- _Data shown_:
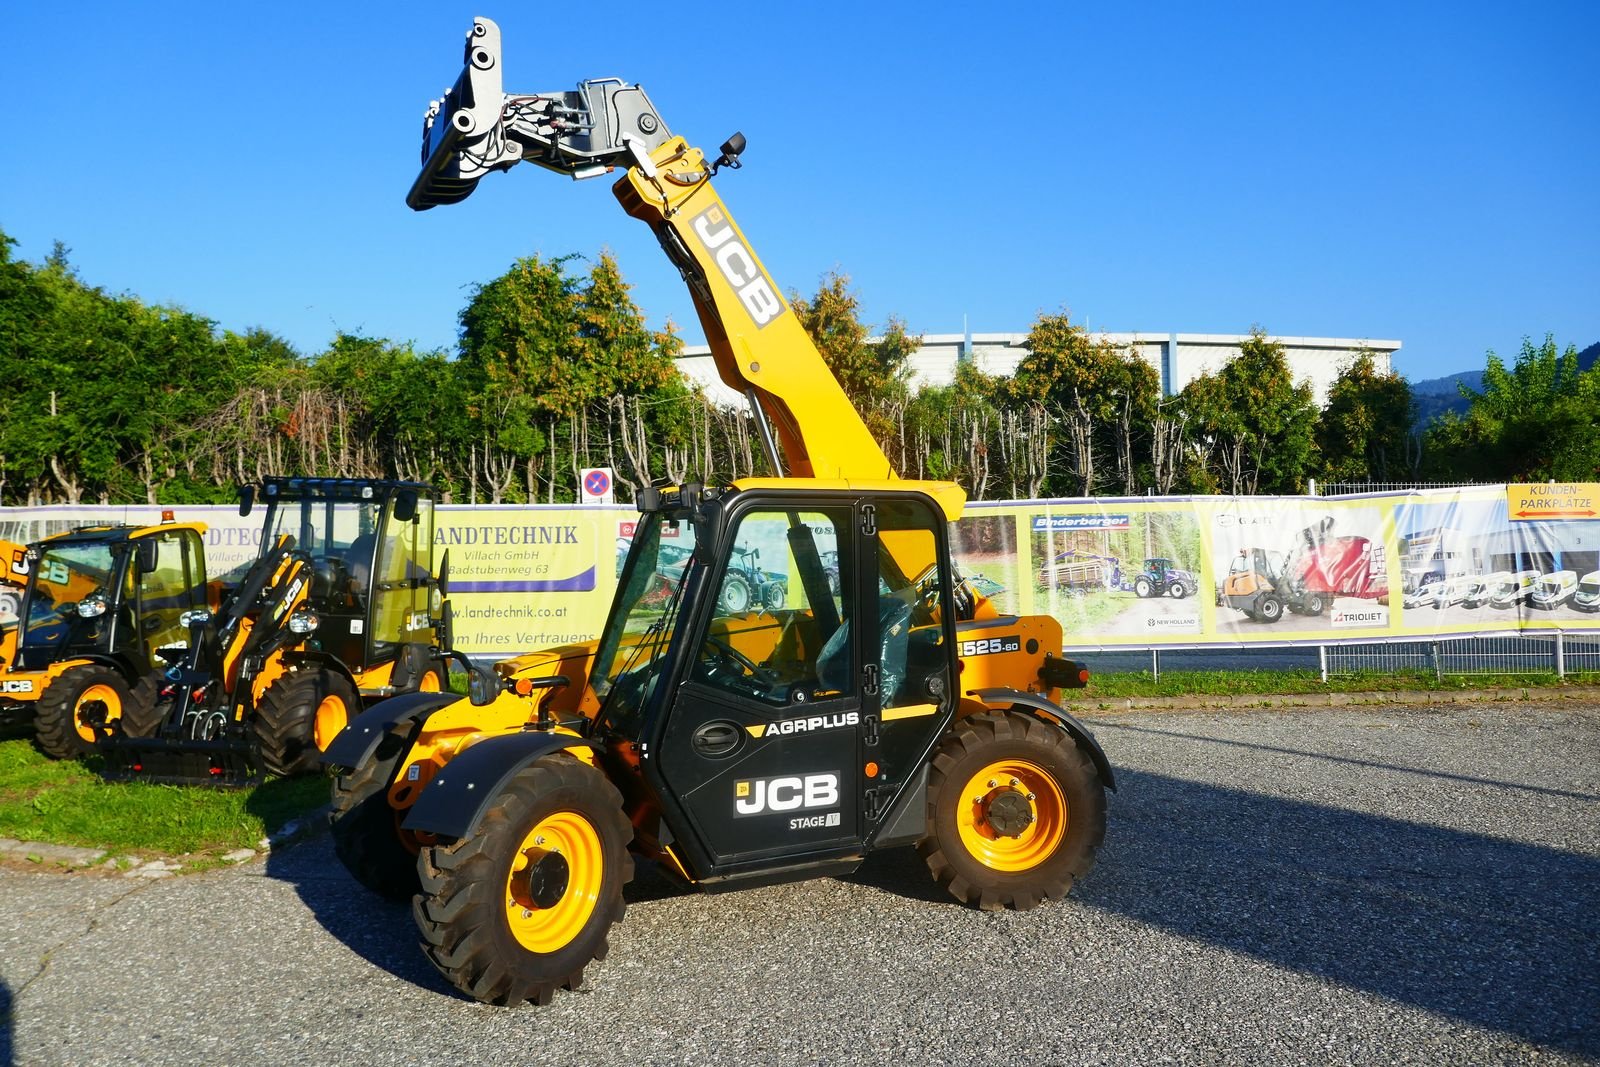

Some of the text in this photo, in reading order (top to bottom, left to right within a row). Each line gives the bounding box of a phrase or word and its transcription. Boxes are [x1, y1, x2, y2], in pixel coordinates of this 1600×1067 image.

[694, 206, 780, 324] JCB
[1530, 485, 1583, 495] KUNDEN-
[1520, 496, 1592, 508] PARKPLÄTZE
[1036, 518, 1127, 527] Binderberger
[208, 552, 243, 561] Villach
[464, 551, 540, 561] Villach GmbH
[449, 565, 549, 576] Badstubenweg 63
[283, 578, 302, 610] JCB
[452, 605, 568, 619] w.landtechnik.co.at
[1343, 613, 1382, 621] TRIOLIET
[475, 633, 511, 645] Ihres
[516, 632, 595, 645] Vertrauens
[766, 712, 859, 737] AGRIPLUS
[736, 773, 838, 814] JCB
[790, 816, 825, 829] STAGE
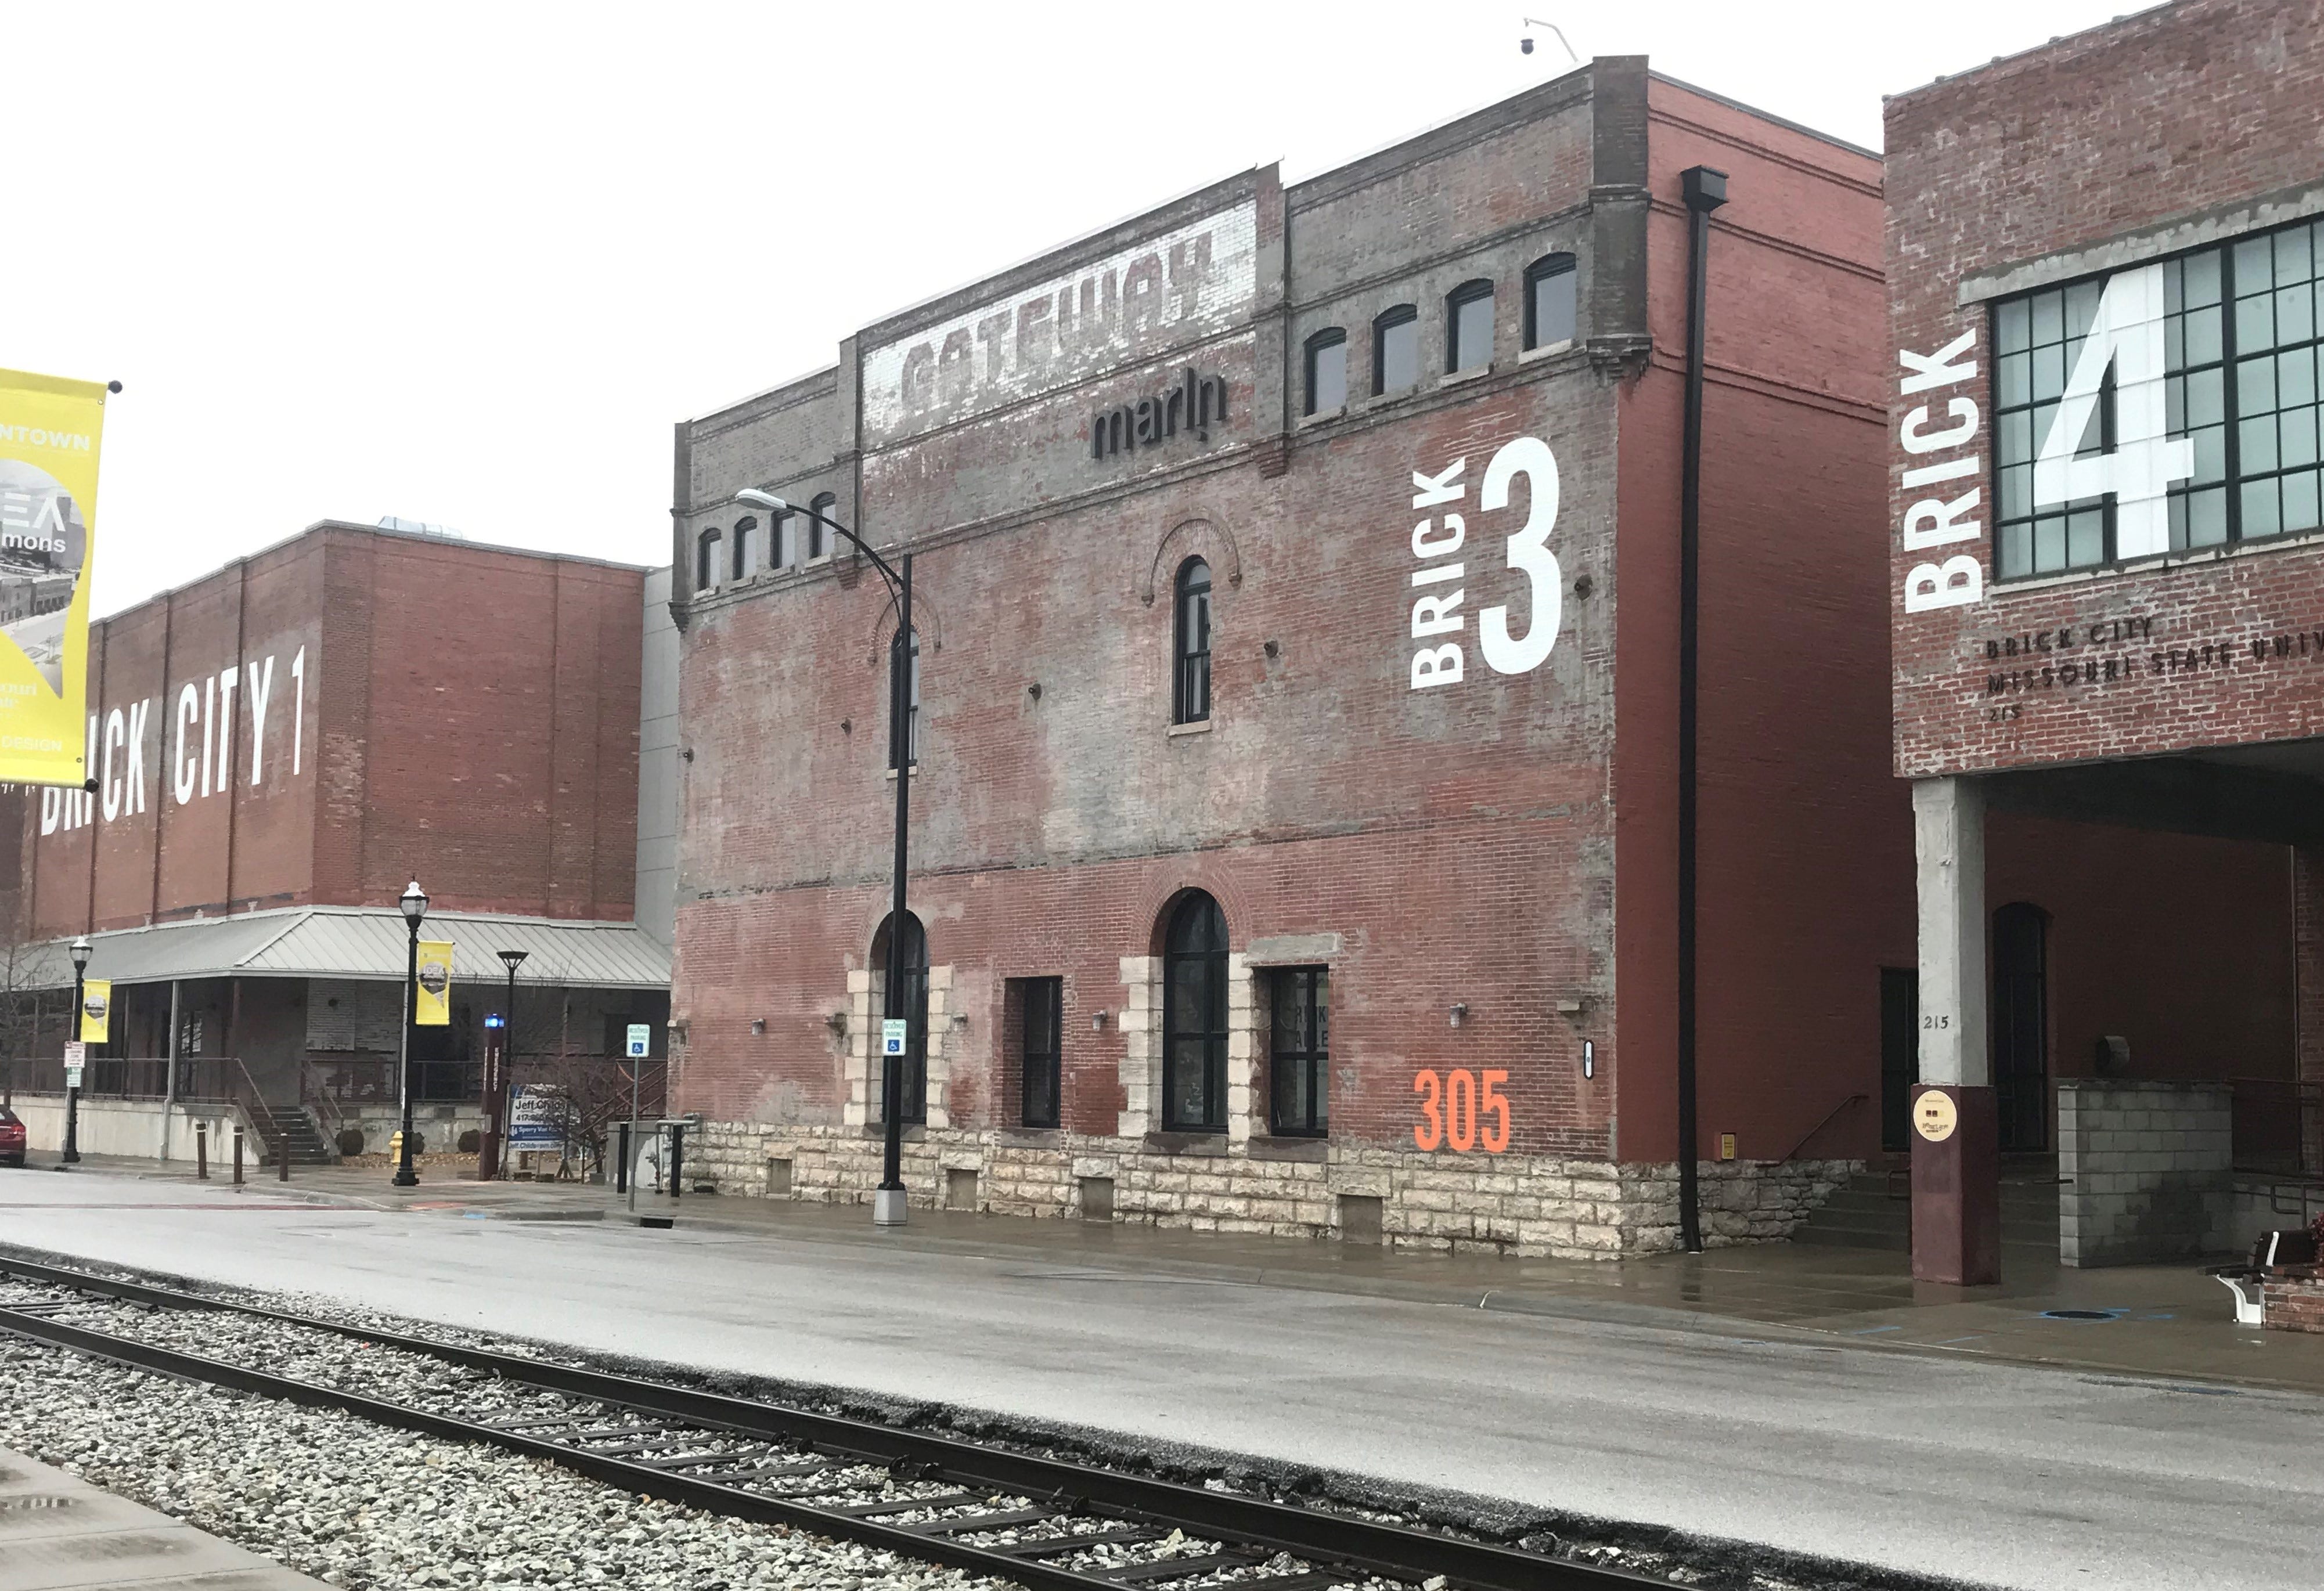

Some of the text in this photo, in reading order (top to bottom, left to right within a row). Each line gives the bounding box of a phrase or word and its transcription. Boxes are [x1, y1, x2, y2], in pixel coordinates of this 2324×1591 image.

- _Task description_:
Output all data exactly, omitting images.

- _Result for this task_:
Some of the text in this photo, in reading order (top to bottom, left to right within a row). Each line gives the bounding box of a phrase or word and its transcription. Boxes are [x1, y1, x2, y2], in pixel coordinates of this 1600×1067 image.

[694, 206, 780, 324] JCB
[1530, 485, 1583, 495] KUNDEN-
[1520, 496, 1592, 508] PARKPLÄTZE
[1036, 518, 1127, 527] Binderberger
[208, 552, 243, 561] Villach
[464, 551, 540, 561] Villach GmbH
[449, 565, 549, 576] Badstubenweg 63
[283, 578, 302, 610] JCB
[452, 605, 568, 619] w.landtechnik.co.at
[1343, 613, 1382, 621] TRIOLIET
[475, 633, 511, 645] Ihres
[516, 632, 595, 645] Vertrauens
[766, 712, 859, 737] AGRIPLUS
[736, 773, 838, 814] JCB
[790, 816, 825, 829] STAGE

Some of the text in this photo, in reading order (top to bottom, left to right within a row). Each line gives the bounding box of a phrase or word and its transcription. Boxes are [x1, y1, x2, y2], in pixel coordinates of this 2324×1591 image.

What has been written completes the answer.